RECORDS FOR PROCESSING ::
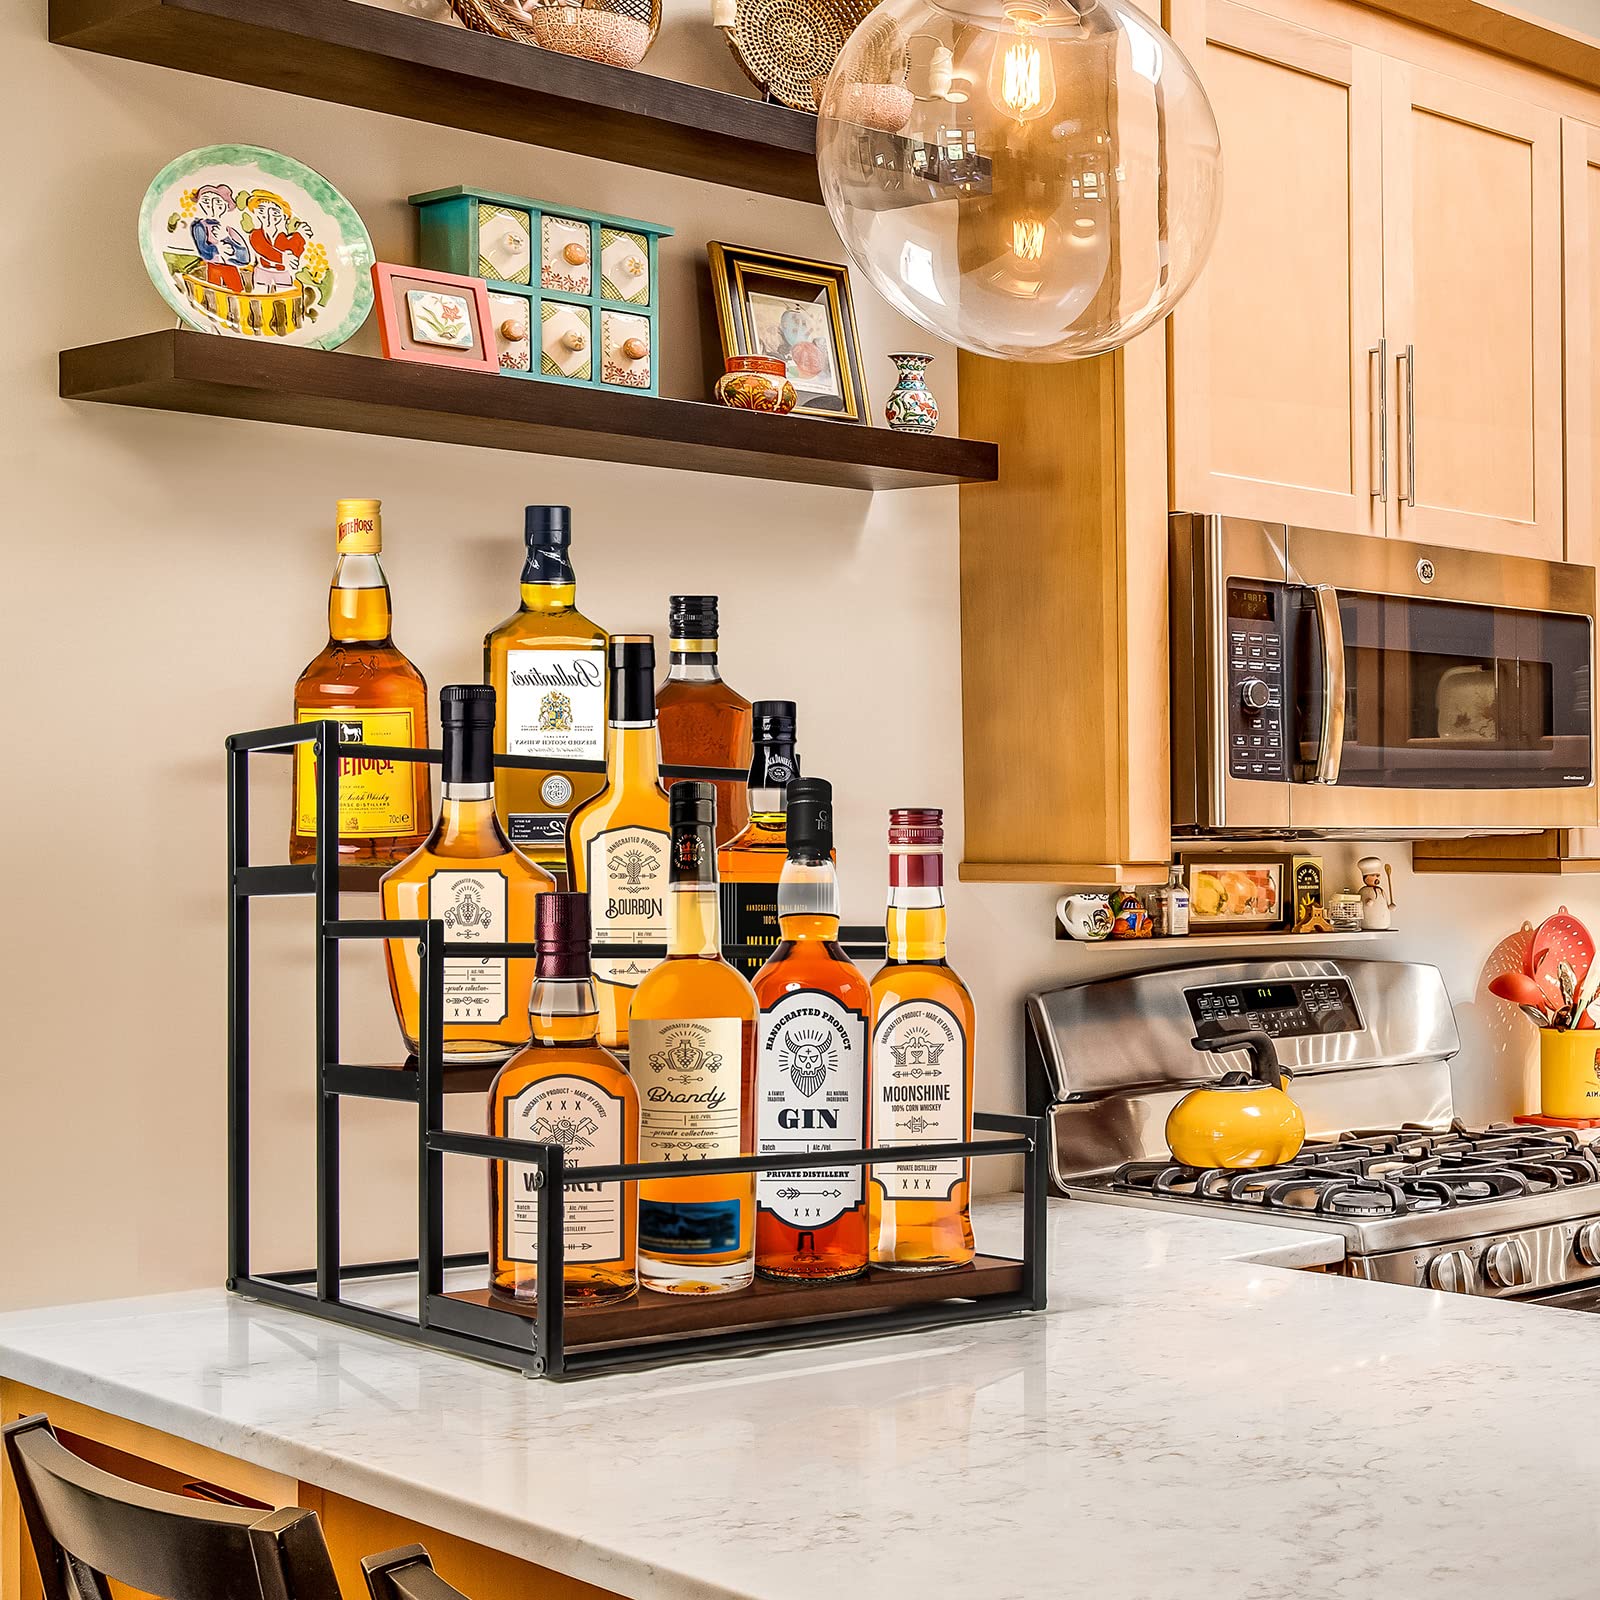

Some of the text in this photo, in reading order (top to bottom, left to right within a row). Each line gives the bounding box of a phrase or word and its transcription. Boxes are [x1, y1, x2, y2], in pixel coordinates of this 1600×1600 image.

[606, 836, 662, 854] HANDCRAFTED PRODUCT
[606, 898, 662, 919] BOURBON
[763, 916, 776, 924] 100%
[454, 1008, 482, 1016] X X X
[659, 1024, 712, 1035] HANDCRAFTED PRODUCT
[766, 1008, 852, 1050] HANDCRAFTED PRODUCT
[881, 1017, 902, 1044] HANDCRAFTED
[902, 1010, 922, 1020] PRODUCT
[926, 1012, 938, 1022] MADE
[941, 1022, 954, 1042] EXPERTS
[647, 1086, 726, 1109] Brandy
[883, 1084, 950, 1102] MOONSHINE
[522, 1092, 547, 1118] HANDCRAFTED
[546, 1088, 569, 1097] PRODUCT
[574, 1090, 588, 1098] MADE
[593, 1101, 606, 1118] EXPERTS
[546, 1101, 581, 1110] X X X
[778, 1108, 839, 1129] GIN
[902, 1180, 931, 1189] X X X
[794, 1208, 820, 1216] X X X
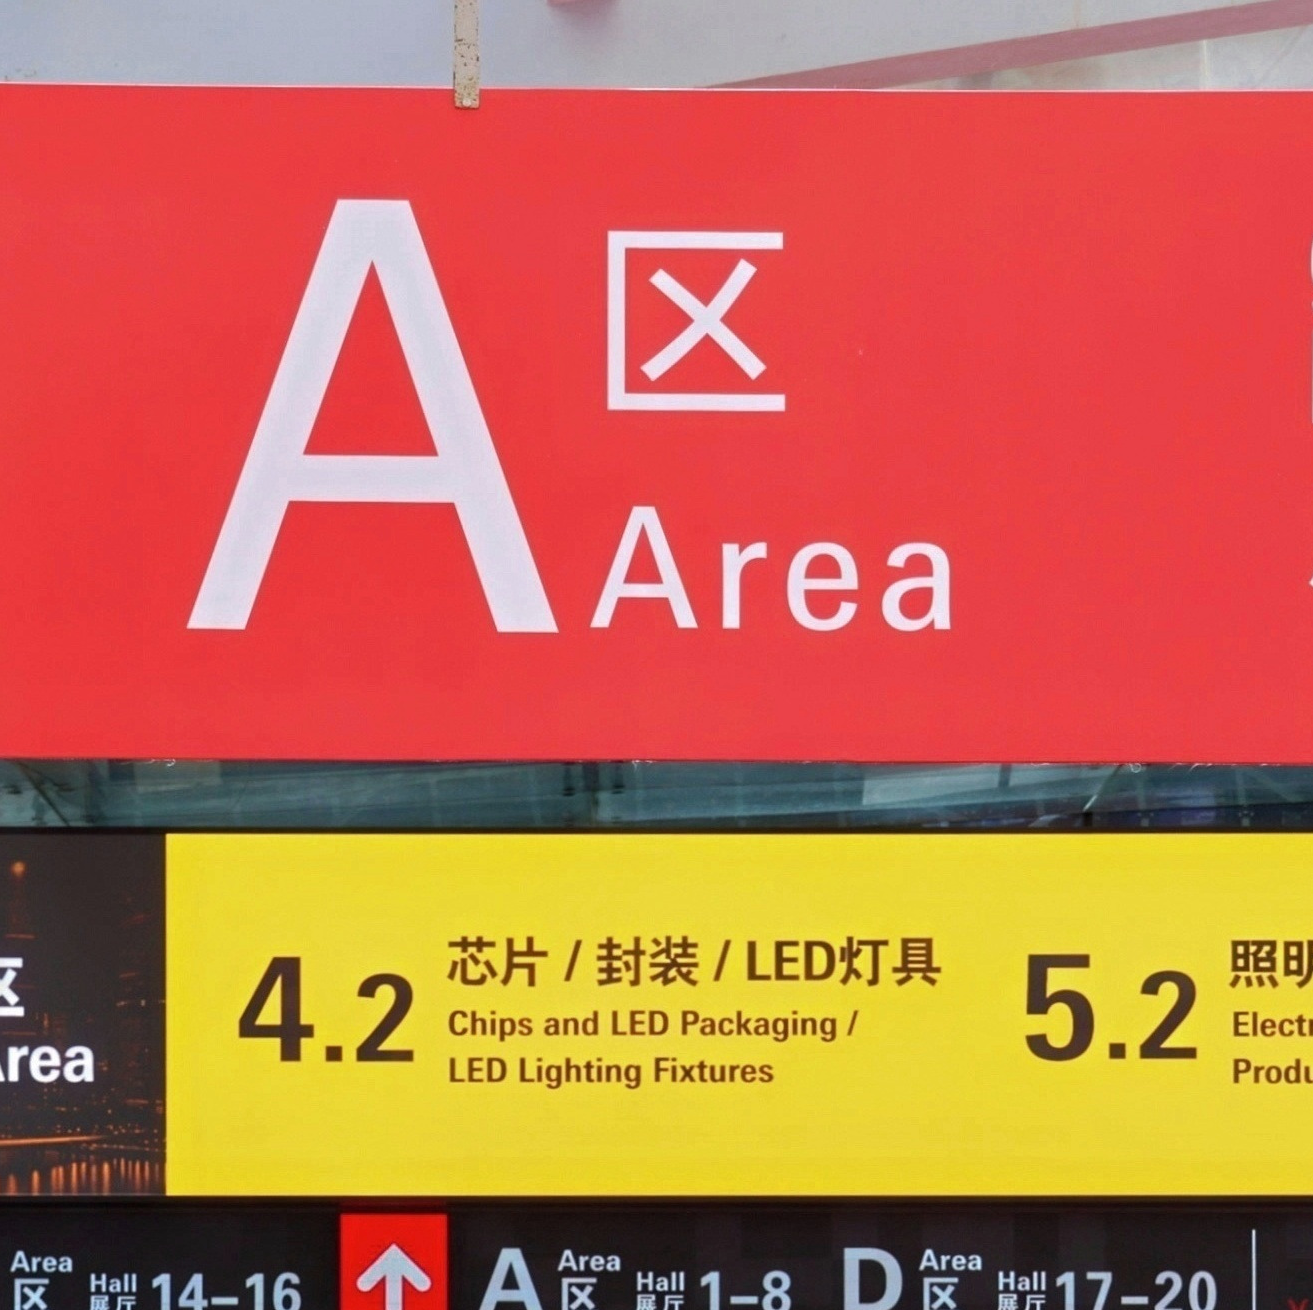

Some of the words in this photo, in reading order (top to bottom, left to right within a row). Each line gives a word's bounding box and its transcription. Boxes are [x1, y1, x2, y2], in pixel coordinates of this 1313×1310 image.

REQUIRED ACTION ::
Please print the data above once more, exactly and without images.

ANSWER FOR THIS EXERCISE ::
Some of the text in this photo, in reading order (top to bottom, left to right within a row). Each line gives the bounding box of a phrase or word and its transcription. Boxes are [x1, y1, x2, y2], in pixel coordinates of this 1600×1600 image.

[606, 836, 662, 854] HANDCRAFTED PRODUCT
[606, 898, 662, 919] BOURBON
[763, 916, 776, 924] 100%
[454, 1008, 482, 1016] X X X
[659, 1024, 712, 1035] HANDCRAFTED PRODUCT
[766, 1008, 852, 1050] HANDCRAFTED PRODUCT
[881, 1017, 902, 1044] HANDCRAFTED
[902, 1010, 922, 1020] PRODUCT
[926, 1012, 938, 1022] MADE
[941, 1022, 954, 1042] EXPERTS
[647, 1086, 726, 1109] Brandy
[883, 1084, 950, 1102] MOONSHINE
[522, 1092, 547, 1118] HANDCRAFTED
[546, 1088, 569, 1097] PRODUCT
[574, 1090, 588, 1098] MADE
[593, 1101, 606, 1118] EXPERTS
[546, 1101, 581, 1110] X X X
[778, 1108, 839, 1129] GIN
[902, 1180, 931, 1189] X X X
[794, 1208, 820, 1216] X X X

Some of the words in this photo, in reading order (top to bottom, left to right within a row). Each line gives a word's bounding box and its transcription. Boxes are [x1, y1, x2, y2], in pixel coordinates of this 1313×1310 image.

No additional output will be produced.